2.2.2 Retrieving the paperwork with out duplicates, changing to picture, and splitting massive information
The Lambda operate then retrieves the paperwork, converts them to pictures if they’re scanned PDF, and splits the big information if essential – simply as within the on-demand pipeline. As a result of the usual SQS queues don’t assure exactly-once message supply, the operate additionally makes certain that duplicate messages are ignored.
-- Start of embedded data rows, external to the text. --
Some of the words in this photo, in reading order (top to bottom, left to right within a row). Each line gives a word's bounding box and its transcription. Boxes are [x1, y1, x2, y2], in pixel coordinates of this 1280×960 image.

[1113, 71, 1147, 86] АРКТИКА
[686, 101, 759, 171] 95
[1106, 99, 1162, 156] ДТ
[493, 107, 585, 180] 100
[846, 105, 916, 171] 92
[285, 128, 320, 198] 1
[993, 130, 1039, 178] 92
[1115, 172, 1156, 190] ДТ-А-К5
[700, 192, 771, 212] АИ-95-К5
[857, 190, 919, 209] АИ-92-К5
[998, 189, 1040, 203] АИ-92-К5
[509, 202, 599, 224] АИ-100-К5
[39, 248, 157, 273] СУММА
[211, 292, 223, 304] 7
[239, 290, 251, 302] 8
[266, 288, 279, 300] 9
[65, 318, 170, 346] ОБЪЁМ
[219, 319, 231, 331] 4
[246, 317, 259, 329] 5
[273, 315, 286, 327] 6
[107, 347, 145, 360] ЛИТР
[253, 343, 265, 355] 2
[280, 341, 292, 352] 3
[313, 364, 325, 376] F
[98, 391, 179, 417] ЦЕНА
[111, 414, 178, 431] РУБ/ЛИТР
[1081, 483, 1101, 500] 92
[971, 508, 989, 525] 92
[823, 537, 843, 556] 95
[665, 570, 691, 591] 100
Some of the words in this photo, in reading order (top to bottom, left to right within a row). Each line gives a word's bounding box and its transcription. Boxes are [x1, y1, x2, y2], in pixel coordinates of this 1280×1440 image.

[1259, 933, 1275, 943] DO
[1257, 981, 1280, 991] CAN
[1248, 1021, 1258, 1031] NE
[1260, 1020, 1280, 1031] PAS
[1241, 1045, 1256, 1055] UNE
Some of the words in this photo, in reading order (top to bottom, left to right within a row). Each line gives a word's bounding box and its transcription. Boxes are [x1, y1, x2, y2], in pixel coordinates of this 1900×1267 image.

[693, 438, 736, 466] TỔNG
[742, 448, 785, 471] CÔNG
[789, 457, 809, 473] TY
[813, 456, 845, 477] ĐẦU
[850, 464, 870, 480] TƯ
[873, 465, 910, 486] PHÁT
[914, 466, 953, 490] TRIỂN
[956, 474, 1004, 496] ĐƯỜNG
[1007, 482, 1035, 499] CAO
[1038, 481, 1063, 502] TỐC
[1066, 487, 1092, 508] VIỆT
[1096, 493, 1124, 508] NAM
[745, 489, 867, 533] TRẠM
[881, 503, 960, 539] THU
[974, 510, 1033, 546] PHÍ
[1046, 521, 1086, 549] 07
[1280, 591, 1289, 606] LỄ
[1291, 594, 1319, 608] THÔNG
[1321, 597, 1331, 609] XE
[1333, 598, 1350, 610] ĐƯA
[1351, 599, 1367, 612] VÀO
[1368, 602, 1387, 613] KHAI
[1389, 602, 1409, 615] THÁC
2.2.3 Permitting completely different prompts in a batch inference job
Just like the on-demand pipeline, completely different doc codecs require completely different consumer prompts for simpler information extraction.
The meant immediate ID and model for every doc are specified within the SQS messages. Throughout Lambda execution, the operate retrieves the immediate physique from Amazon Bedrock Immediate Administration.
2.2.4 Creating JSONL artifacts for batch inference job
The Lambda operate then handles the next duties:
- Making a
metadata.jsonwithin the Batch Inference Information S3 bucket to retailer the message attributes, together with the SQS message ID,doc_id, immediate ID/model, system immediate ID/model, and different project-related attributes. This file is later utilized by the Submit-Processing Lambda to populate the DynamoDB desk. - Processing the paperwork to create the JSONL information required for the Amazon Bedrock batch inference job. This course of is parallelized utilizing Python’s multiprocessing module for effectivity. The JSONL information are uploaded to the Batch Inference Information S3 bucket.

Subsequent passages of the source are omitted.